_Aim of the exercise_:
Repeat every record exactly, but keep images out of the copy.

Material provided section start

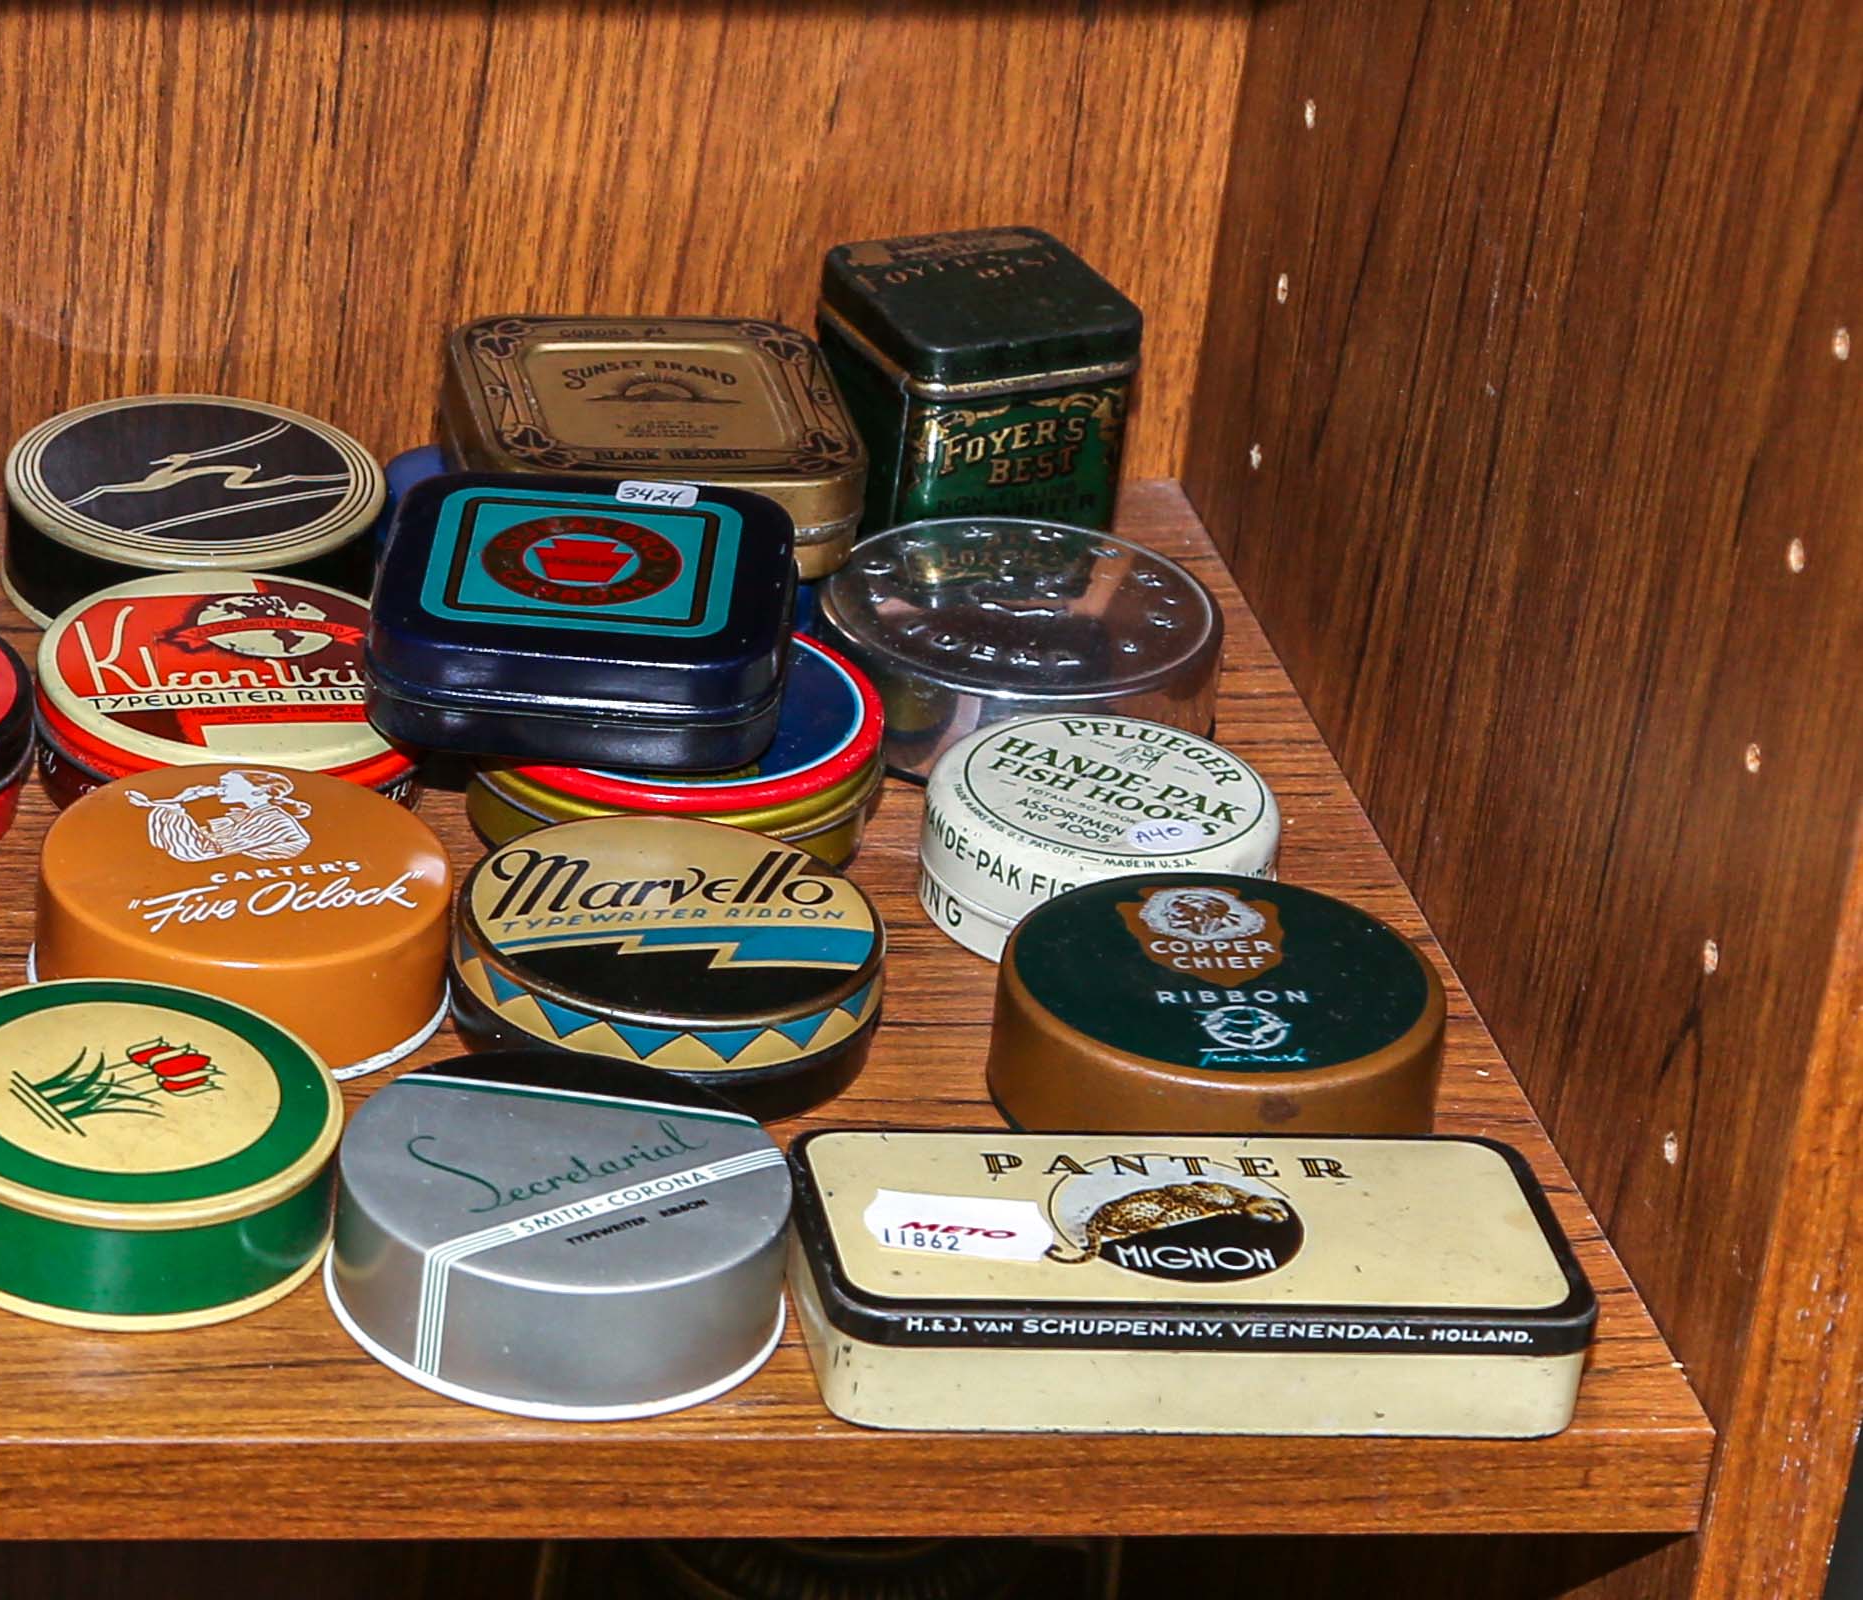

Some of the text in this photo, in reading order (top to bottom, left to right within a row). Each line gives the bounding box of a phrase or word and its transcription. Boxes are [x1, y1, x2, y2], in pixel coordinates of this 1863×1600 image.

[562, 360, 736, 390] SUNSET BRAND
[939, 417, 1086, 474] FOYER'S
[988, 449, 1078, 485] BEST
[620, 486, 684, 505] 3424
[89, 689, 285, 710] TYPEWRITER
[1059, 719, 1244, 787] PFLUEGER
[995, 736, 1247, 826] HANDE-PAK
[988, 758, 1223, 837] FISH HOOKS
[1055, 819, 1112, 844] 4005
[1134, 827, 1183, 844] A40
[210, 861, 362, 883] CARTER'S
[1103, 857, 1141, 868] MADE
[488, 848, 834, 921] Marvello
[501, 908, 846, 933] TYPEWRITER RIBBON
[1149, 940, 1276, 954] COPPER
[1173, 956, 1266, 970] CHIEF
[1155, 989, 1309, 1004] RIBBON
[407, 1120, 710, 1213] Secretarial
[978, 1151, 1355, 1181] PANTER
[566, 1198, 710, 1246] TYPEWRITER RIBBON
[898, 1220, 1019, 1241] METO
[881, 1228, 962, 1253] 11862
[1116, 1243, 1278, 1271] MIGNON
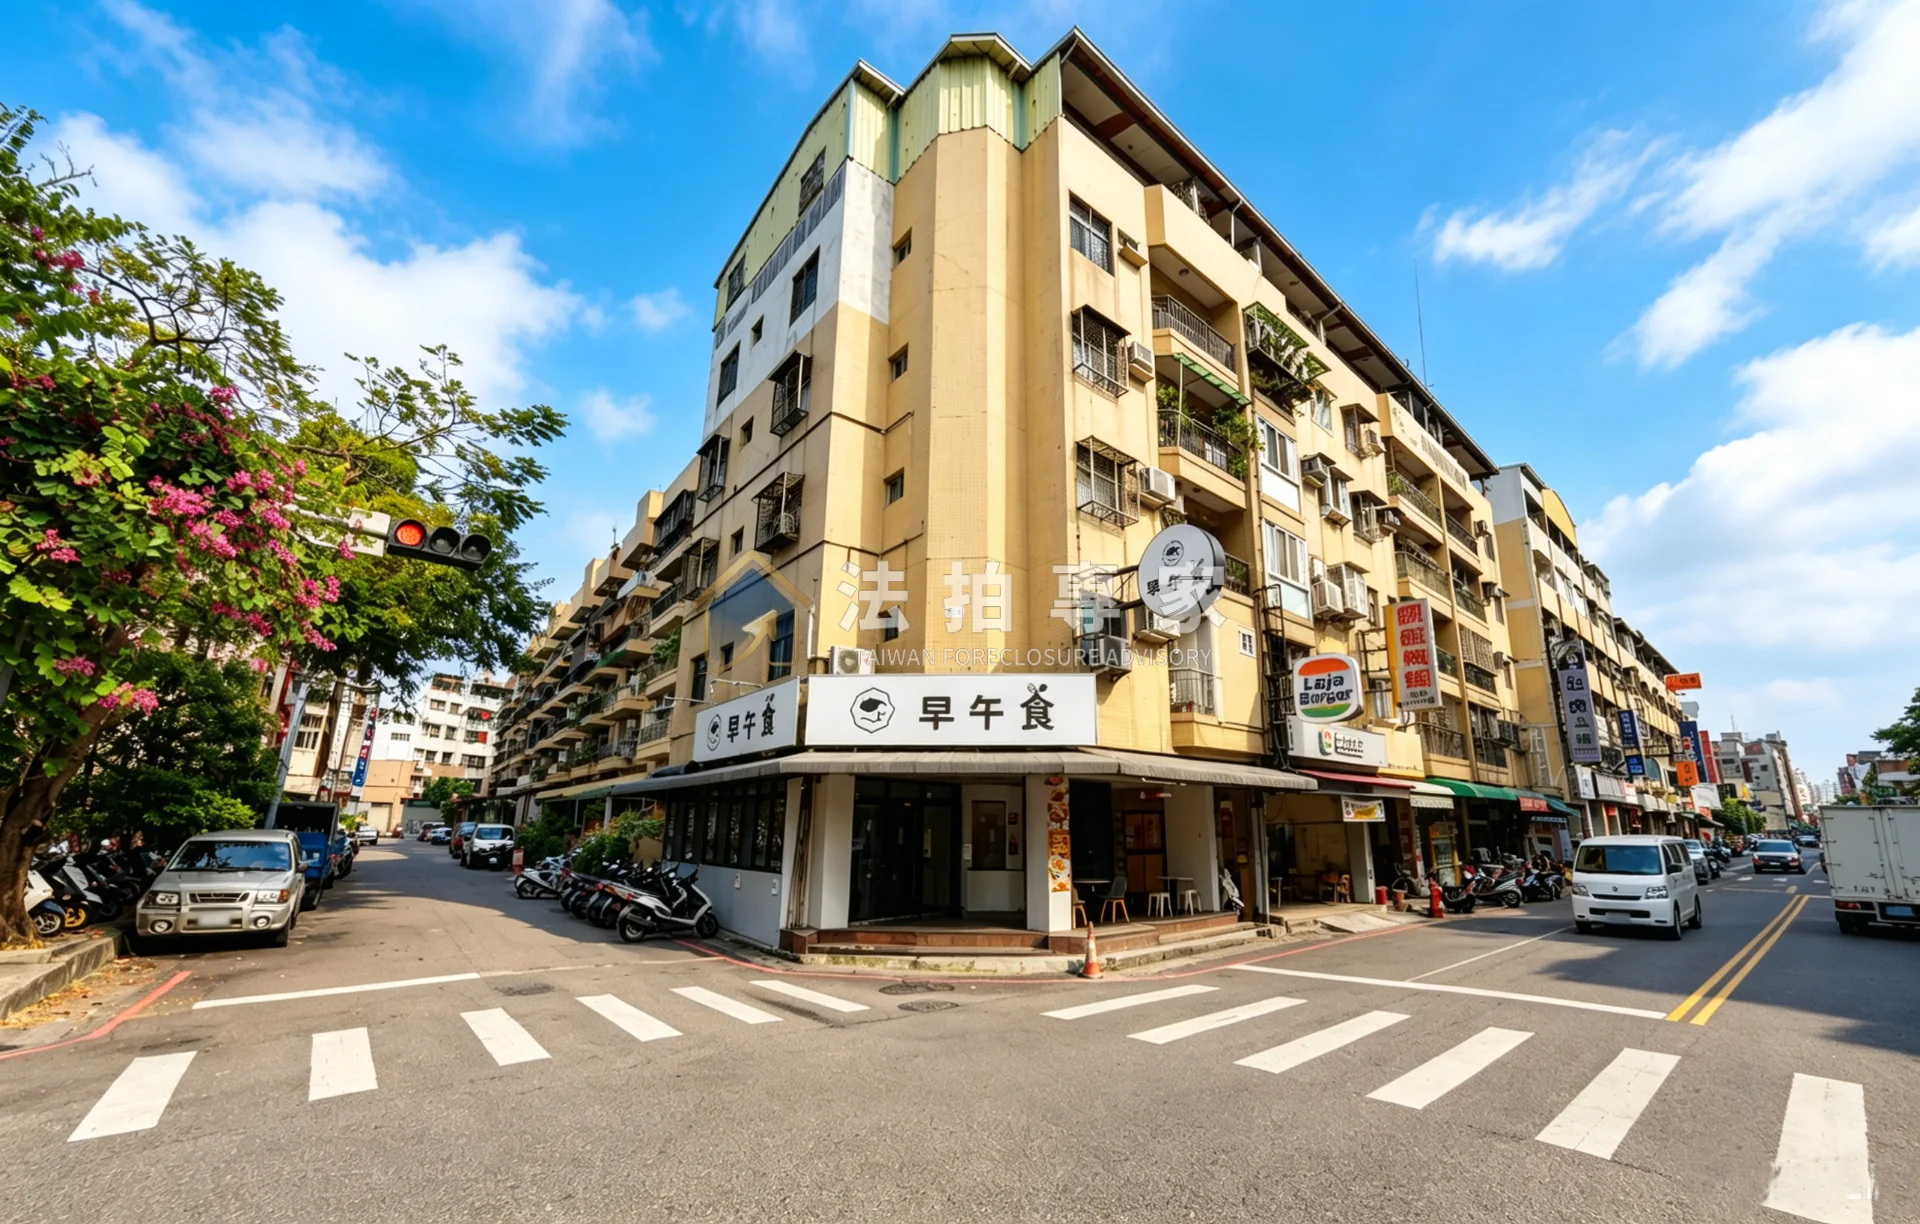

Material provided section end

_Task result_:
Some of the text in this photo, in reading order (top to bottom, left to right within a row). Each line gives the bounding box of a phrase or word and its transcription. Boxes are [x1, y1, x2, y2], in pixel coordinates of this 1863×1600 image.

[562, 360, 736, 390] SUNSET BRAND
[939, 417, 1086, 474] FOYER'S
[988, 449, 1078, 485] BEST
[620, 486, 684, 505] 3424
[89, 689, 285, 710] TYPEWRITER
[1059, 719, 1244, 787] PFLUEGER
[995, 736, 1247, 826] HANDE-PAK
[988, 758, 1223, 837] FISH HOOKS
[1055, 819, 1112, 844] 4005
[1134, 827, 1183, 844] A40
[210, 861, 362, 883] CARTER'S
[1103, 857, 1141, 868] MADE
[488, 848, 834, 921] Marvello
[501, 908, 846, 933] TYPEWRITER RIBBON
[1149, 940, 1276, 954] COPPER
[1173, 956, 1266, 970] CHIEF
[1155, 989, 1309, 1004] RIBBON
[407, 1120, 710, 1213] Secretarial
[978, 1151, 1355, 1181] PANTER
[566, 1198, 710, 1246] TYPEWRITER RIBBON
[898, 1220, 1019, 1241] METO
[881, 1228, 962, 1253] 11862
[1116, 1243, 1278, 1271] MIGNON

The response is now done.